** Problem to solve **
Every entry must be given again exactly. Include no pictures.

** Input for this task **

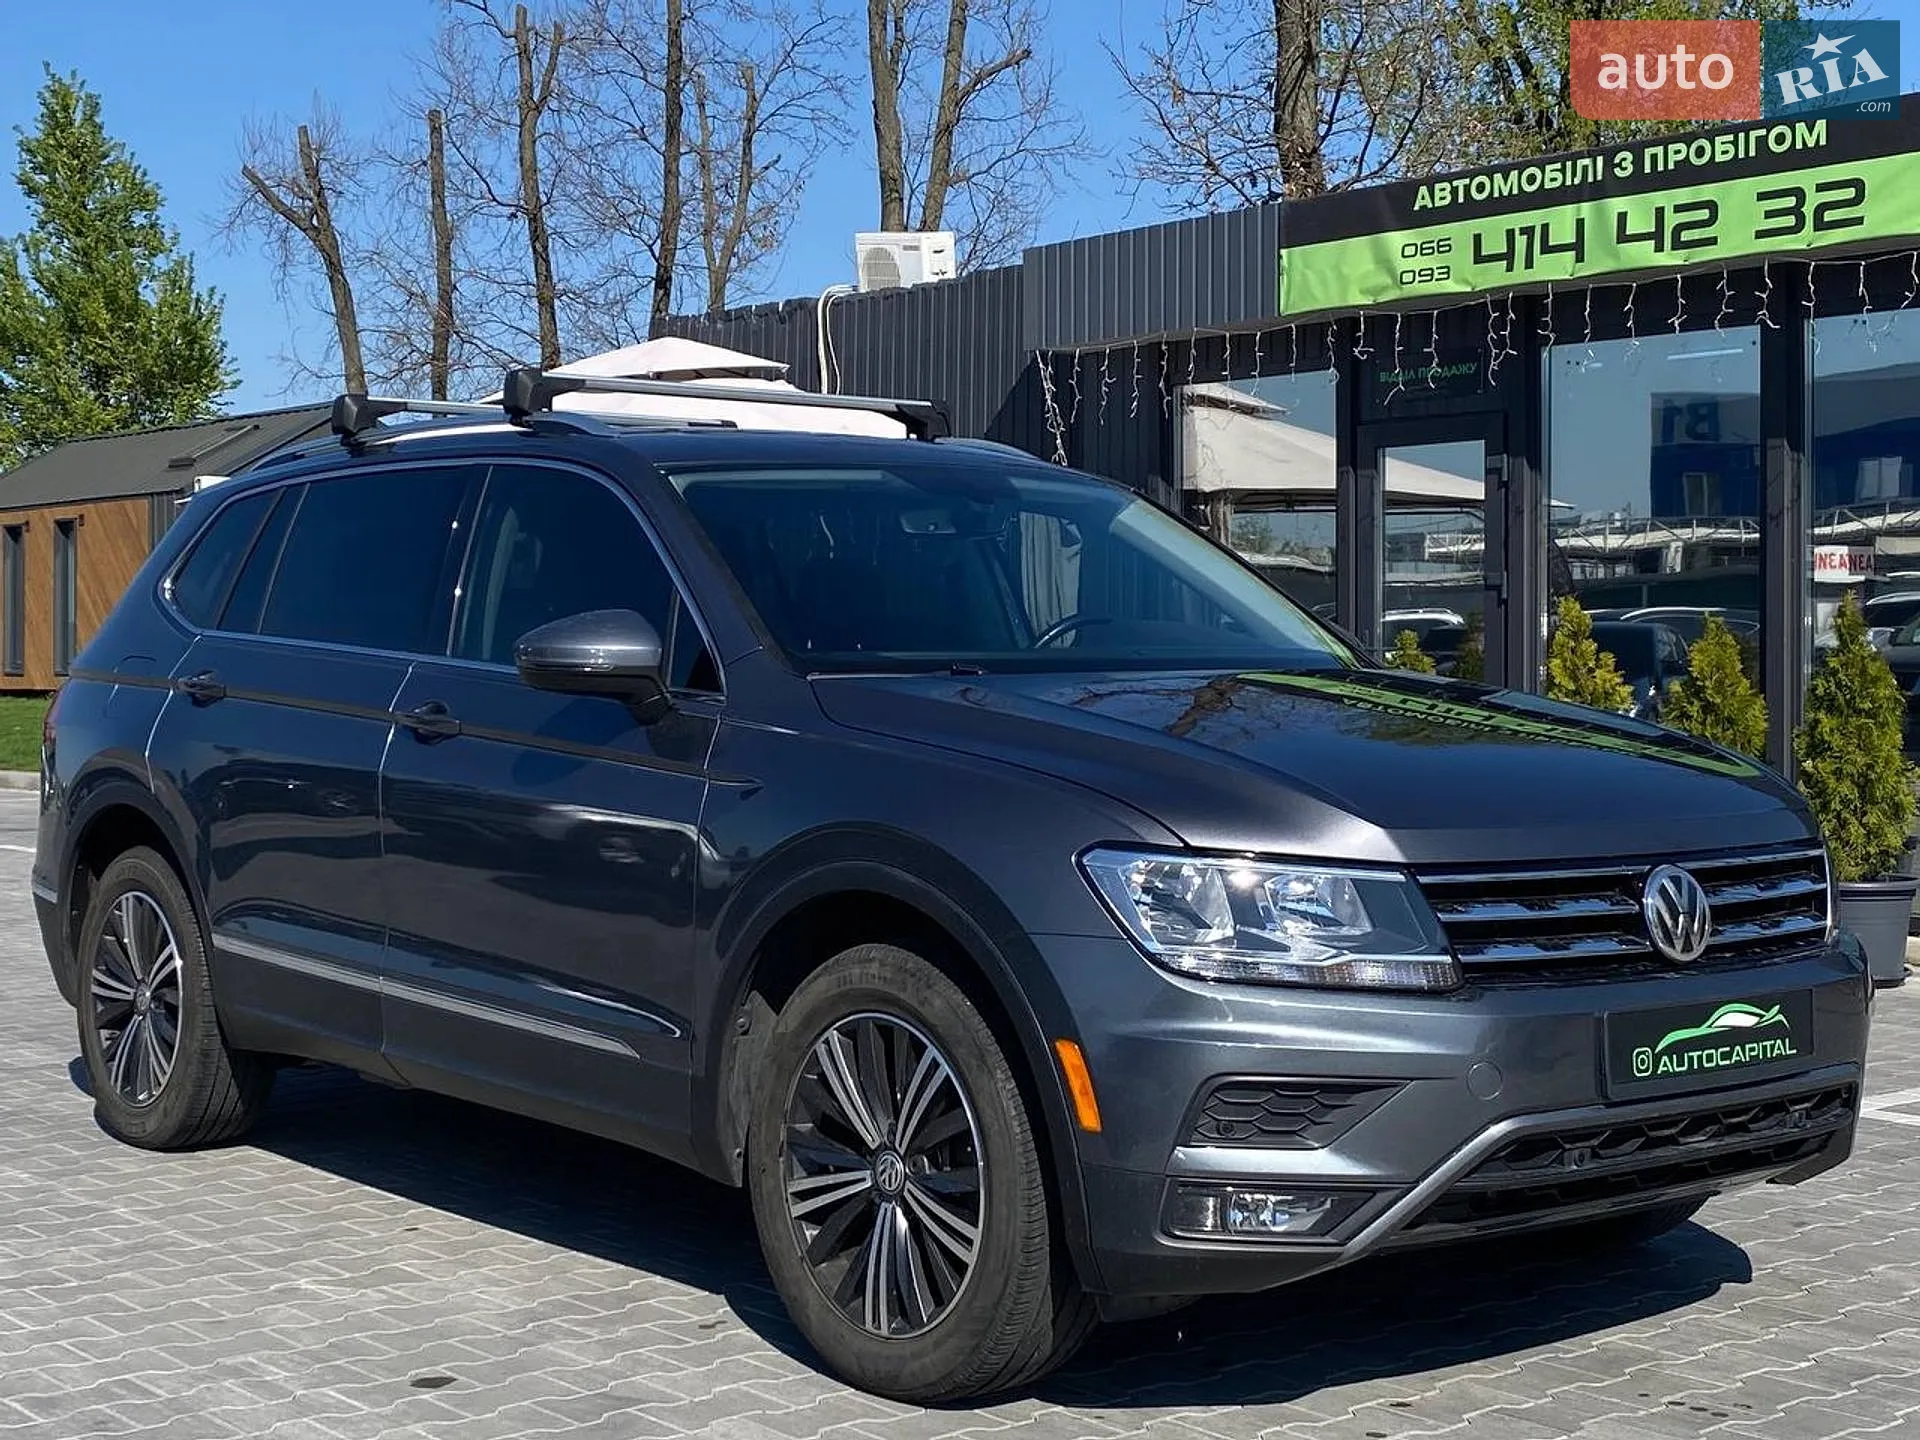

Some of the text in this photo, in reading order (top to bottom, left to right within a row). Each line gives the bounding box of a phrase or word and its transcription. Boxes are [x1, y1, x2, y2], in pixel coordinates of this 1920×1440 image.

[1413, 119, 1828, 211] АВТОМОБІЛІ З ПРОБІГОМ
[1472, 177, 1866, 273] 414 42 32
[1400, 236, 1452, 258] 066
[1400, 265, 1451, 285] 093
[1657, 1038, 1798, 1075] AUTOCAPITAL

** Solution for this exercise **
Some of the text in this photo, in reading order (top to bottom, left to right within a row). Each line gives the bounding box of a phrase or word and its transcription. Boxes are [x1, y1, x2, y2], in pixel coordinates of this 1920×1440 image.

[1413, 119, 1828, 211] АВТОМОБІЛІ З ПРОБІГОМ
[1472, 177, 1866, 273] 414 42 32
[1400, 236, 1452, 258] 066
[1400, 265, 1451, 285] 093
[1657, 1038, 1798, 1075] AUTOCAPITAL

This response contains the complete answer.